> [Task to complete]:
Each line that includes "batteries" must be copied from the records.

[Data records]
--------------------------------

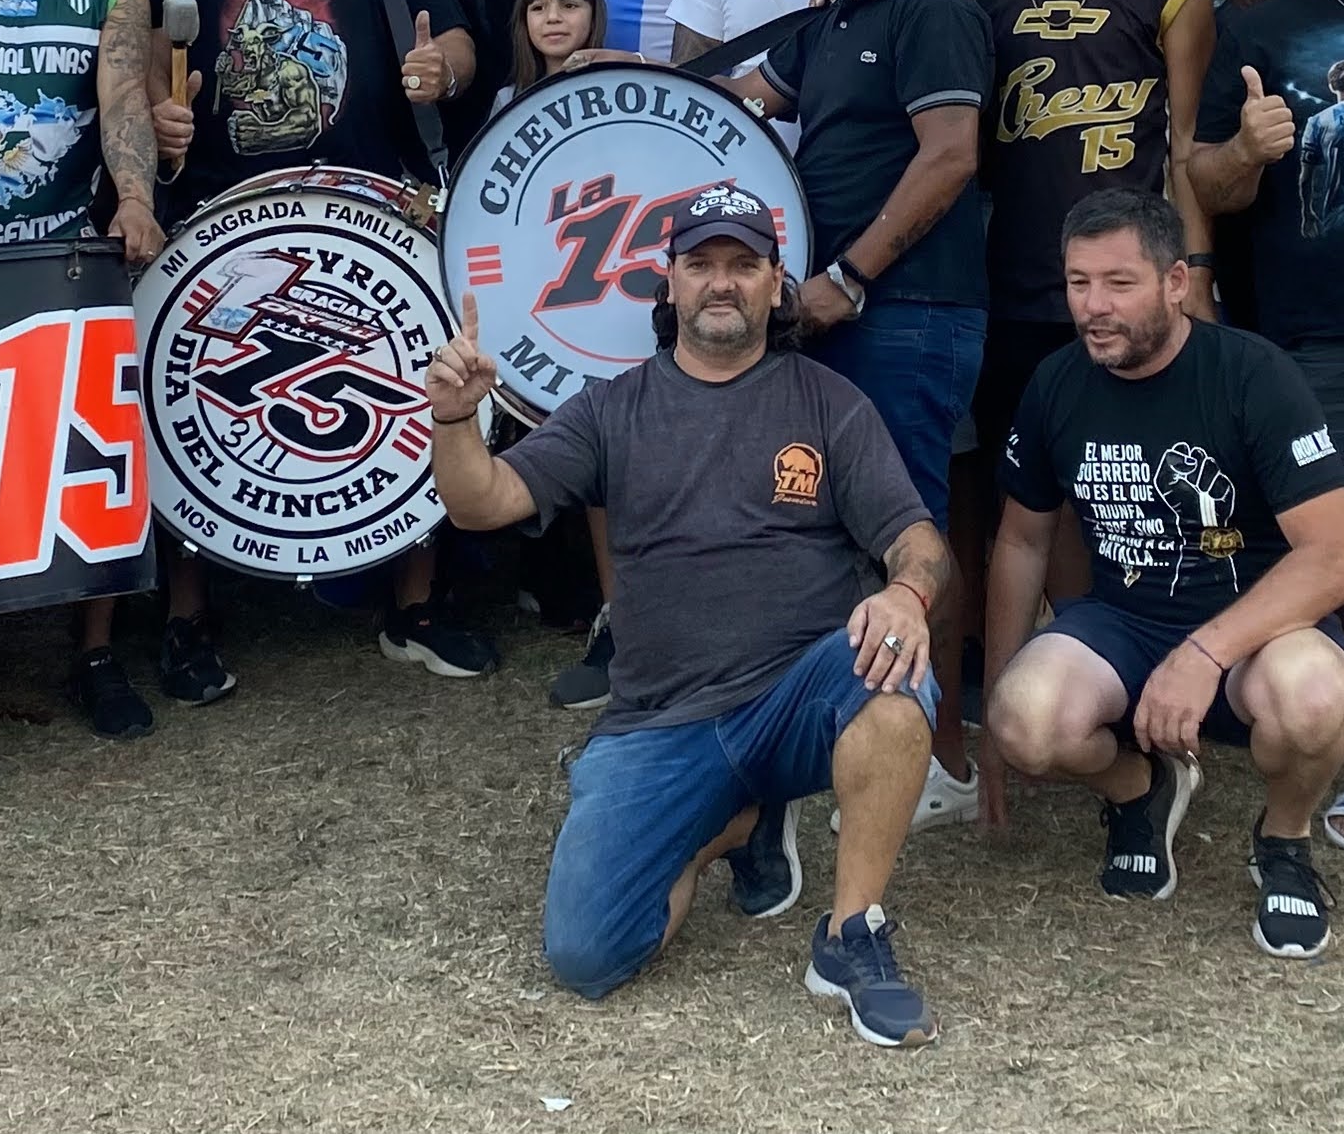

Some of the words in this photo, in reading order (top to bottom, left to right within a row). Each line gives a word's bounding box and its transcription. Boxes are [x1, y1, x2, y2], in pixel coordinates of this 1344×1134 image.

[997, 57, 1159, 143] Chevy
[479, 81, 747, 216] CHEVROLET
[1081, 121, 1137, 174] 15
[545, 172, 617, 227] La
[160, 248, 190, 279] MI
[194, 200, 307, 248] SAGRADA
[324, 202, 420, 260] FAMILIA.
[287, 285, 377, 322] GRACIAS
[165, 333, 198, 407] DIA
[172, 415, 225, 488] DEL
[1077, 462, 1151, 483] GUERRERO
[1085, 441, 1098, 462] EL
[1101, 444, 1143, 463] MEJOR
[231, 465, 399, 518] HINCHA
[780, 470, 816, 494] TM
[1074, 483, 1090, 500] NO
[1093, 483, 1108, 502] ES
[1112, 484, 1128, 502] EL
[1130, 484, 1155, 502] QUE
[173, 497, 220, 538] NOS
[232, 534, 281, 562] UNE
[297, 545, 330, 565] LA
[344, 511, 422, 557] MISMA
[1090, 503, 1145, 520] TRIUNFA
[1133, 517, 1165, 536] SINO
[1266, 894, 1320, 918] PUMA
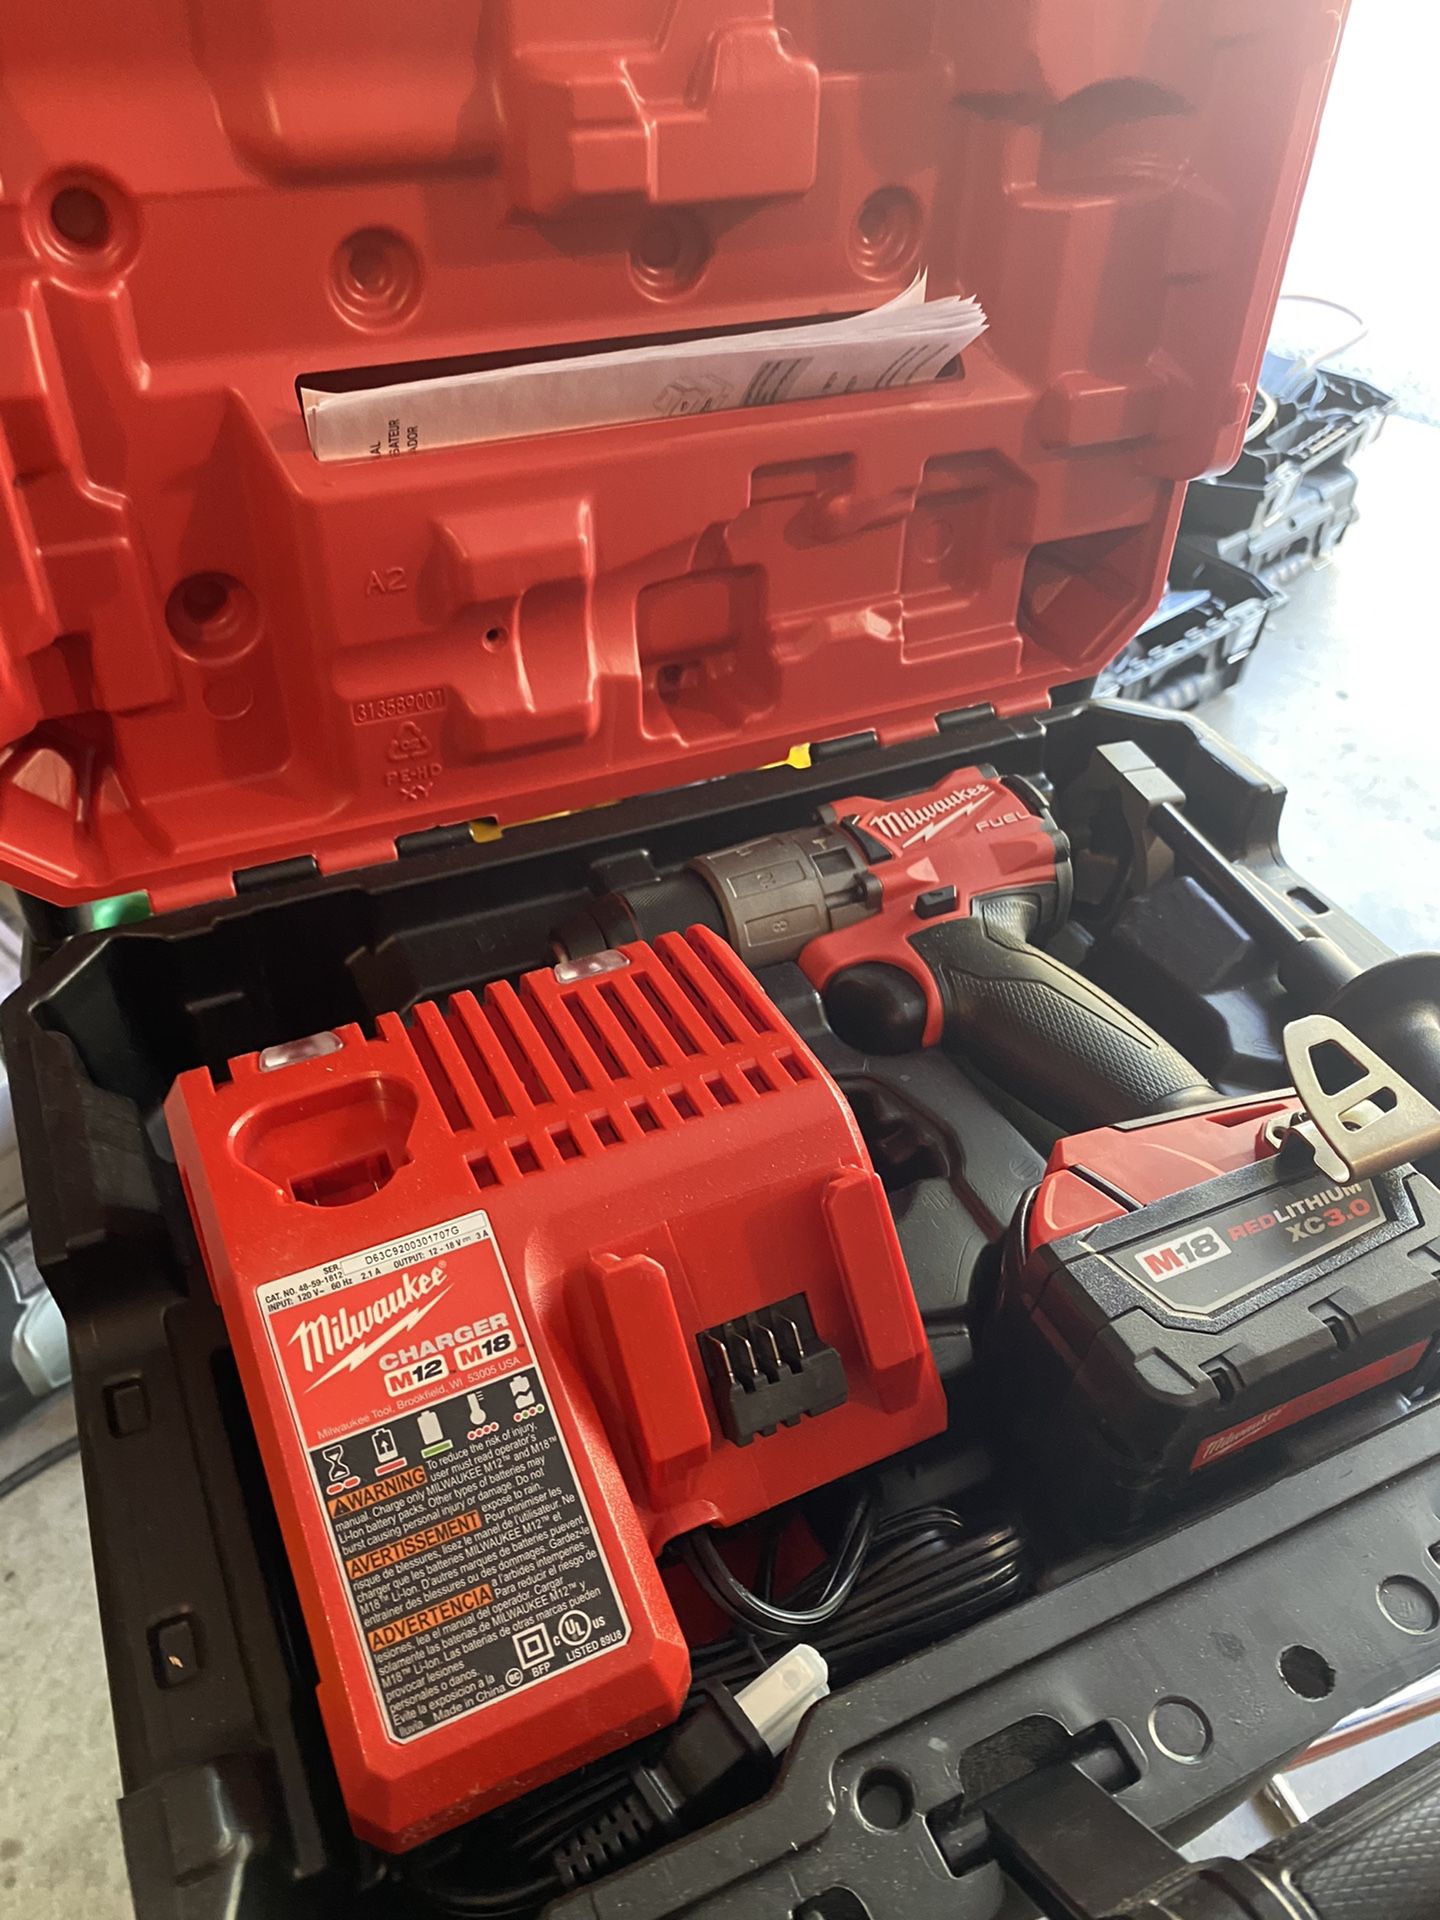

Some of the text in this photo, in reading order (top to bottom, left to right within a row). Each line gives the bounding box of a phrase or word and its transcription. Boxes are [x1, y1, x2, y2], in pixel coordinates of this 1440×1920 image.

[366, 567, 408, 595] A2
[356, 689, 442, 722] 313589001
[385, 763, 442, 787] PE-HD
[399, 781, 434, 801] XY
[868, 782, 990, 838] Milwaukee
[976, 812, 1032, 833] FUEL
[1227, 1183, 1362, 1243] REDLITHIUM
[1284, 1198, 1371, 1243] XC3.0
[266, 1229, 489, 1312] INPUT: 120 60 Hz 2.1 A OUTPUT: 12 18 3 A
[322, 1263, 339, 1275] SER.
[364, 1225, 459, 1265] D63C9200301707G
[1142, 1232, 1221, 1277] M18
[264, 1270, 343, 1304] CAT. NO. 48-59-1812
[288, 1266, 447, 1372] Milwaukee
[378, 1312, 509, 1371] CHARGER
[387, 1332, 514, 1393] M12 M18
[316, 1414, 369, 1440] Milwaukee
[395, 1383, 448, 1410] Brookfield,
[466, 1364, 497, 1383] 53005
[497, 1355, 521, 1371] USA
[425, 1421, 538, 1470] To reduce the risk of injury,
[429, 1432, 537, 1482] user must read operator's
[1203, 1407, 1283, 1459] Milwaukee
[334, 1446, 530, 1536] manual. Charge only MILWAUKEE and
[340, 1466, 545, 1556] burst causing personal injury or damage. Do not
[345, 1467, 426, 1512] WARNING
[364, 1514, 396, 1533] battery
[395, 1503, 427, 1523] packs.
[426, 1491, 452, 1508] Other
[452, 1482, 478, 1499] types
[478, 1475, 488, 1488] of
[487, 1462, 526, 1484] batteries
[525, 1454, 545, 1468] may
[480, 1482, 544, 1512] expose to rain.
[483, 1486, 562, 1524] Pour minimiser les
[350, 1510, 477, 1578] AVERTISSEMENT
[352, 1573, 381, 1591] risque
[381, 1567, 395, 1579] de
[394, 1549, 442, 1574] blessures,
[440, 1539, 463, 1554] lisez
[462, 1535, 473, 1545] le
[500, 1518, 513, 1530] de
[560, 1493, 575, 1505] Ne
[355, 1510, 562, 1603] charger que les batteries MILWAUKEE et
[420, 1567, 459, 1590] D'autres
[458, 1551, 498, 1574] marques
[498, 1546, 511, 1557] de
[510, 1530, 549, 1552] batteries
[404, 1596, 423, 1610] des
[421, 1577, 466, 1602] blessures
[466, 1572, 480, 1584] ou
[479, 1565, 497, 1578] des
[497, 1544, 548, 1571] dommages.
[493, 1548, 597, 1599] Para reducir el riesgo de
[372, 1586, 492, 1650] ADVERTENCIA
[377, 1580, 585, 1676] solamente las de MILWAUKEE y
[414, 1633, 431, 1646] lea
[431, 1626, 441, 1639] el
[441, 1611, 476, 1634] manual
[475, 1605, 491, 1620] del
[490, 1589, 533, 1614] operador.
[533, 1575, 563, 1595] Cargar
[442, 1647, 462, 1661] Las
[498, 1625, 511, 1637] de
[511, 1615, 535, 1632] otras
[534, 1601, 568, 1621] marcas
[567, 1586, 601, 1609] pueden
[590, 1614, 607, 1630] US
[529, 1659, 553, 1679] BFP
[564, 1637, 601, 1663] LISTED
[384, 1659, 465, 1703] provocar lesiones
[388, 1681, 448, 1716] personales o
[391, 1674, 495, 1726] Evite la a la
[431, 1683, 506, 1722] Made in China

--------------------------------

> [Output for this exercise]:
[487, 1462, 526, 1484] batteries
[355, 1510, 562, 1603] charger que les batteries MILWAUKEE et
[510, 1530, 549, 1552] batteries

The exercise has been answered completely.